Nilai Spiritual dan Sosial
Lebih dari sekadar kesenian, tarian ini mencerminkan nilai religius, etika sosial, dan estetika masyarakat Aceh. Dalam bukunya, Agustina (2018) menjelaskan bahwa Ranup Lampuan menjadi media pelestarian adat sekaligus penguatan identitas budaya Aceh di tengah arus modernisasi.
Aspek Teknis dan Estetika Tarian
Musik dan Iringan
Awalnya tarian ini diiringi oleh orkestra atau band, namun sejak 1972 diganti menjadi alat musik tradisional Aceh seperti serune kale, rapa’i, dan gendang untuk memperkuat nuansa tradisional (Wikipedia, 2025).

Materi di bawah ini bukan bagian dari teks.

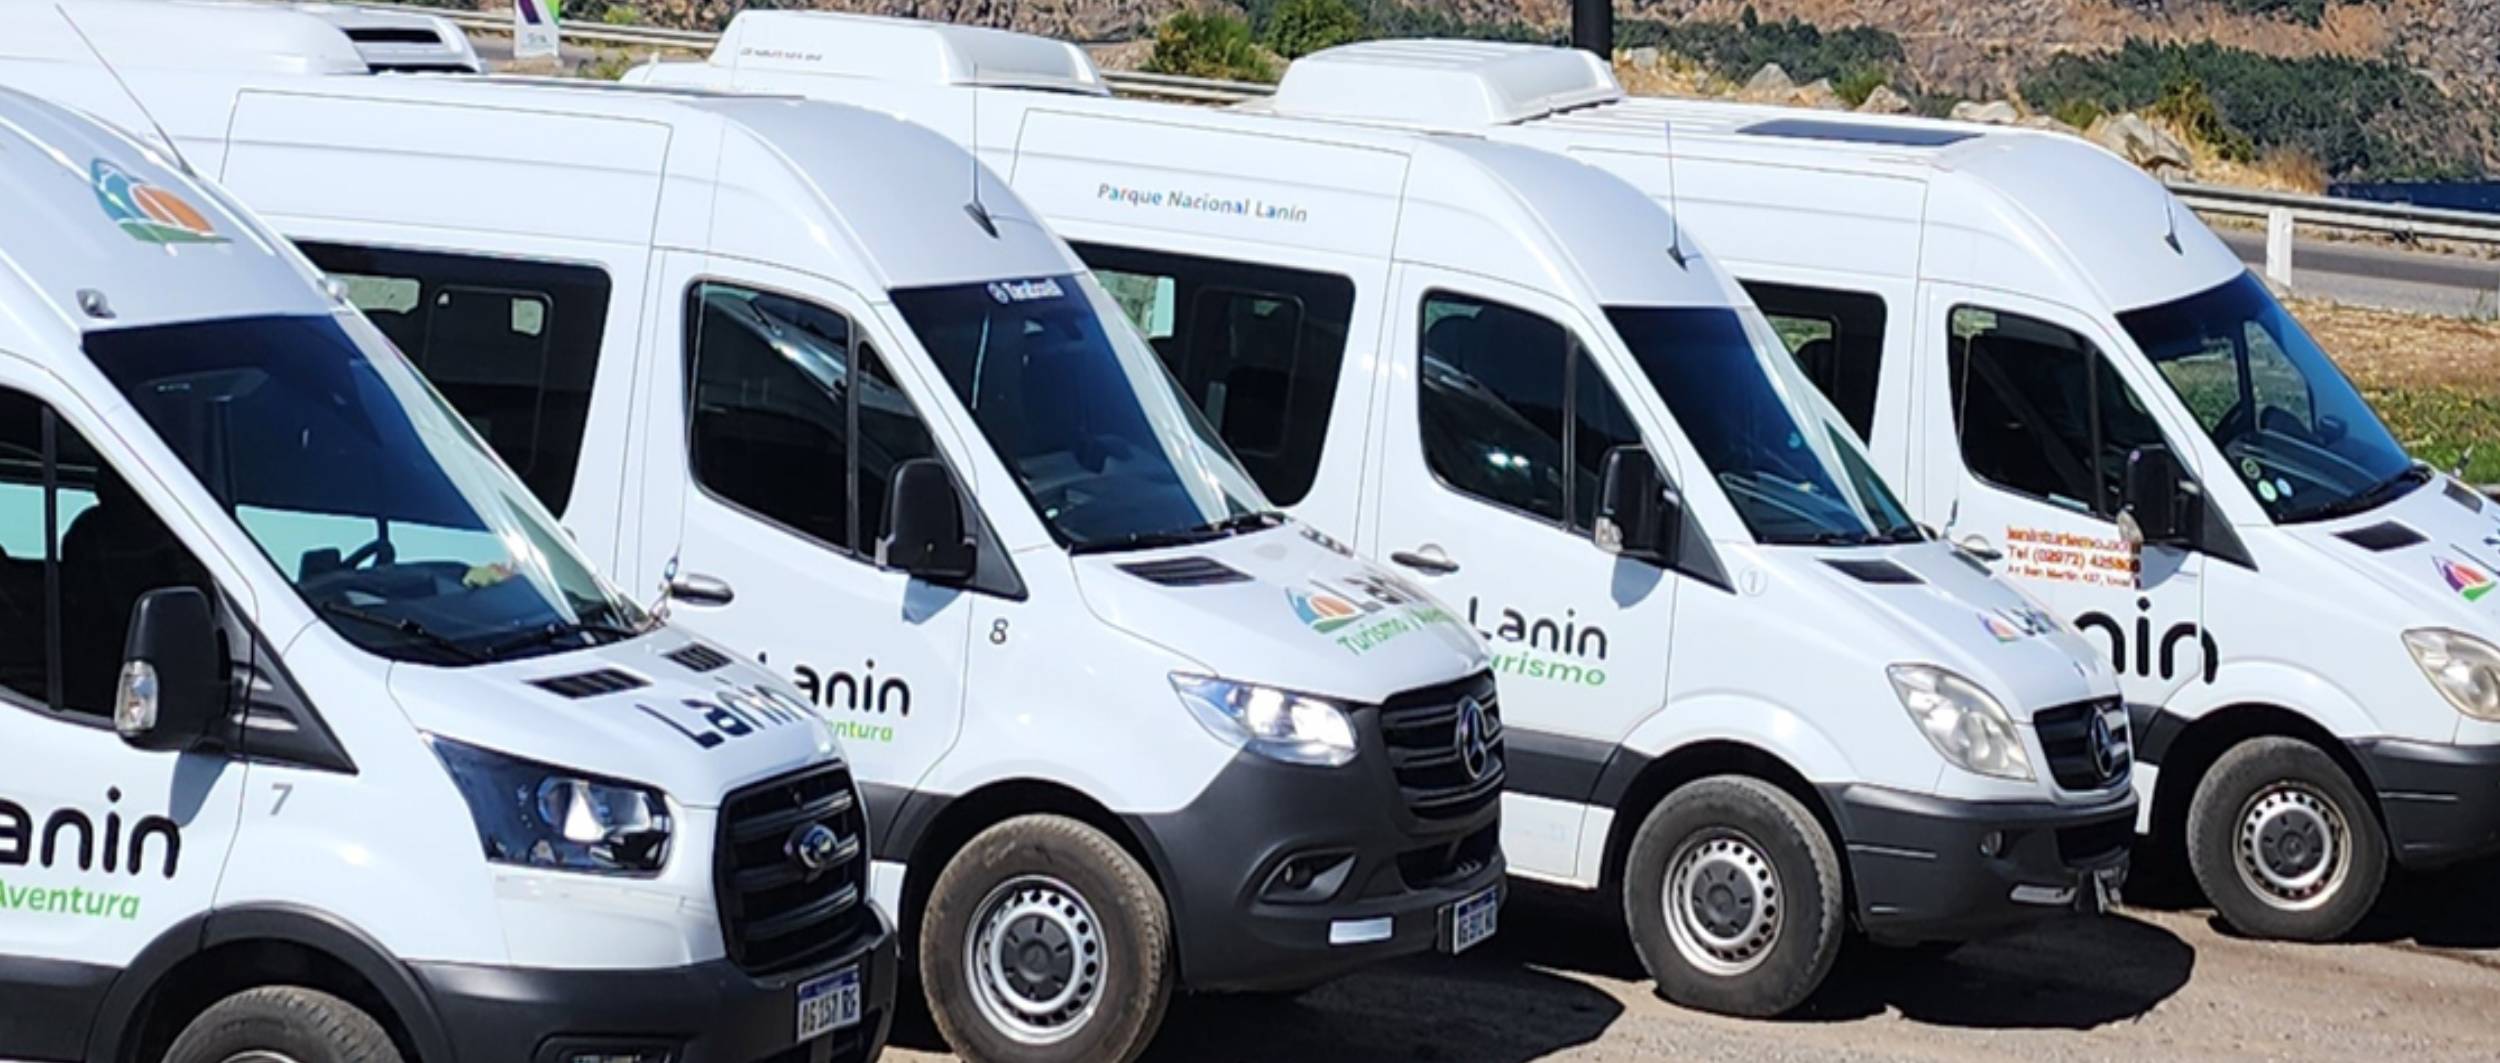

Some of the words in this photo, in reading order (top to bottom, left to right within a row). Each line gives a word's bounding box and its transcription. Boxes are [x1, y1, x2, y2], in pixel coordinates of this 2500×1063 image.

[1097, 183, 1163, 206] Parque
[1167, 190, 1251, 216] Nacional
[989, 617, 1009, 646] 8
[1469, 596, 1607, 660] Lanin
[2073, 596, 2218, 685] nin
[635, 675, 818, 749] Lanin
[758, 652, 910, 717] anin
[270, 782, 293, 816] 7
[0, 786, 181, 880] anin

Kostum, Properti dan Gerakan
Penari memakai busana adat Aceh lengkap dengan kerudung dan selendang berhiaskan bunga. Properti utama adalah puan—wadah sirih—yang dibawa dan dipersembahkan dalam pertunjukan. Gerakan khas seperti menyapukan kapur, memberi gambir dan pinang, hingga menyerahkan sirih kepada tamu melambangkan penghormatan mendalam (BudayaAceh.com, 2025).

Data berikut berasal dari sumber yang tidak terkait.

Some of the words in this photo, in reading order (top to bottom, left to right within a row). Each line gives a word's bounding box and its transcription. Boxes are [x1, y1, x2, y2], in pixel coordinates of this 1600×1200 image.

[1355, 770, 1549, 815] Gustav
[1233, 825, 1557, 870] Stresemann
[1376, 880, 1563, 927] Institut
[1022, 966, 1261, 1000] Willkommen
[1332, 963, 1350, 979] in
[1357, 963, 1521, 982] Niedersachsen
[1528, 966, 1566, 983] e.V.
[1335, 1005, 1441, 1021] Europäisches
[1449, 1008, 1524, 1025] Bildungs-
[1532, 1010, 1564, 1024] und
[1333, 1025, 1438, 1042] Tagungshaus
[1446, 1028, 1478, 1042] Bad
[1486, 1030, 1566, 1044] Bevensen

Baca juga: Doa Sebelum dan Setelah Mengaji Agar Ibadah Lebih Bermakna
Pentingnya Pelestarian Tari Ranup Lampuan
Tarian Ranup Lampuan bukan hanya sebatas hiburan budaya tetapi juga warisan tak benda yang berpotensi hilang jika tidak dilestarikan. Menurut regulasi Warisan Budaya Takbenda (WBTb) di Aceh, tarian ini telah tercatat sebagai bagian identitas budaya yang perlu dilindungi (BudayaAceh.com, 2025).
Dengan melibatkan generasi muda — melatih penari, memperkenalkan secara digital, dan menampilkan dalam acara nasional/internasional — maka nilai seni dan filosofi tradisional ini akan terus hidup dan dikenang.
Penutup
Tarian Ranup Lampuan mengajak kita memahami bahwa budaya lokal Aceh bukan hanya untuk dipamerkan, tetapi untuk dihargai dan diwariskan dengan pemahaman makna yang dalam. Dari sirih yang disuguhkan hingga gerakan lembut para penari, tersimpan kisah kebersamaan, penghormatan, dan identitas.
Mari kita dukung pelestarian seni budaya seperti Ranup Lampuan dengan menontonnya, mempelajarinya, dan menyebarkan kisahnya. Untuk berita dan insight budaya lokal lainnya, terus kunjungi Garap Media dan jadilah bagian dari pewaris cerita nusantara.
Referensi
- BudayaAceh.com. (2025). Tari Ranup Lampuan. Diakses dari https://www.budayaaceh.com/wbtb/tari-ranup-lampuan/25
- Wikipedia. (2025). Tari Ranup Lampuan. Diakses dari https://id.wikipedia.org/wiki/Tari_Ranup_lam_Puan
- Agustina, R. (2018). Makna Tari Ranup Lampuan (Dengan Pemberian Sirih) [Tesis]. ISI Yogyakarta.